* _Directions_: Copy the data precisely, character for character, and leave out every picture.
Data extract Start Marker
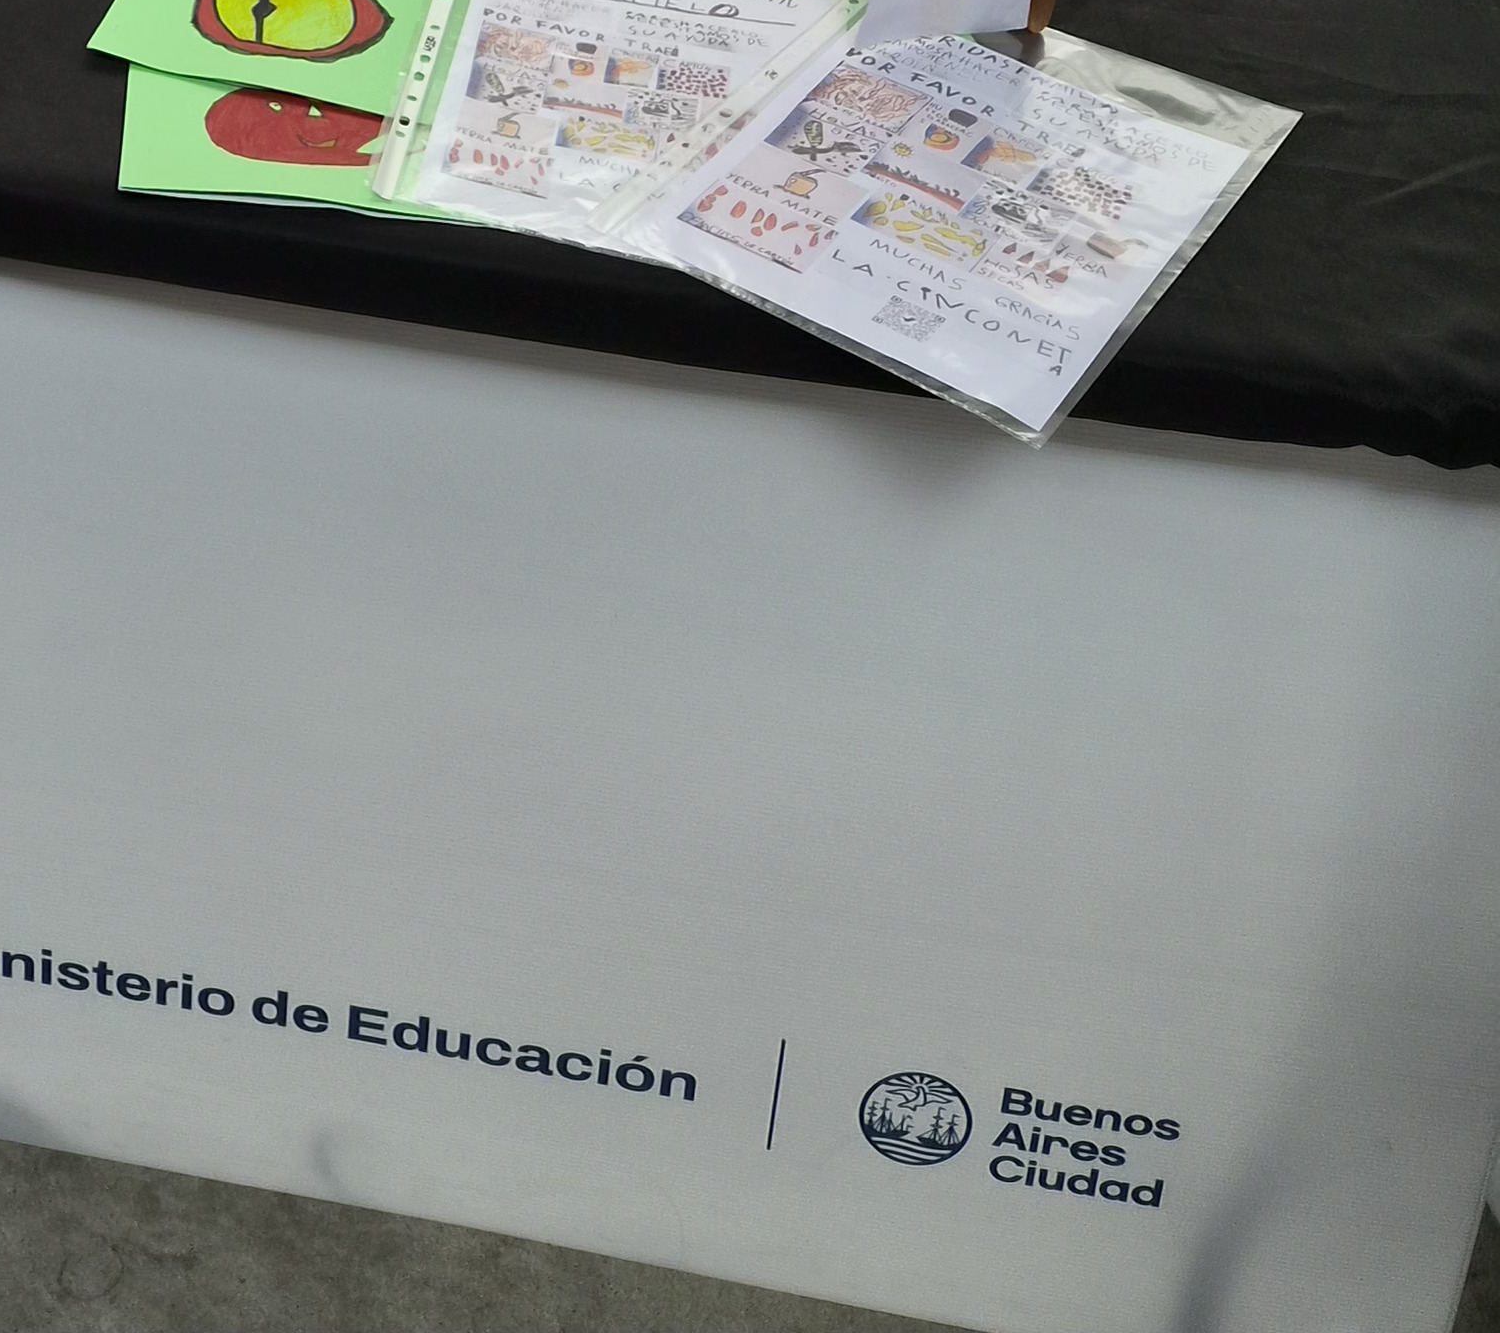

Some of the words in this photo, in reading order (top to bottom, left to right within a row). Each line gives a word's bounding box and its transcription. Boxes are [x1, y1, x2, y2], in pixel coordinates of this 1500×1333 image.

[483, 8, 522, 25] POR
[536, 20, 606, 43] FAVOR
[910, 71, 996, 118] FAVOR
[781, 198, 840, 225] MATE
[869, 238, 967, 291] MUCHAS
[250, 990, 330, 1034] de
[346, 1005, 699, 1102] Educación
[1000, 1087, 1181, 1141] Buenos
[992, 1122, 1127, 1166] Aires
[989, 1155, 1165, 1208] Ciudad
Data extract End Marker
* _Task solution_:
Some of the words in this photo, in reading order (top to bottom, left to right within a row). Each line gives a word's bounding box and its transcription. Boxes are [x1, y1, x2, y2], in pixel coordinates of this 1500×1333 image.

[483, 8, 522, 25] POR
[536, 20, 606, 43] FAVOR
[910, 71, 996, 118] FAVOR
[781, 198, 840, 225] MATE
[869, 238, 967, 291] MUCHAS
[250, 990, 330, 1034] de
[346, 1005, 699, 1102] Educación
[1000, 1087, 1181, 1141] Buenos
[992, 1122, 1127, 1166] Aires
[989, 1155, 1165, 1208] Ciudad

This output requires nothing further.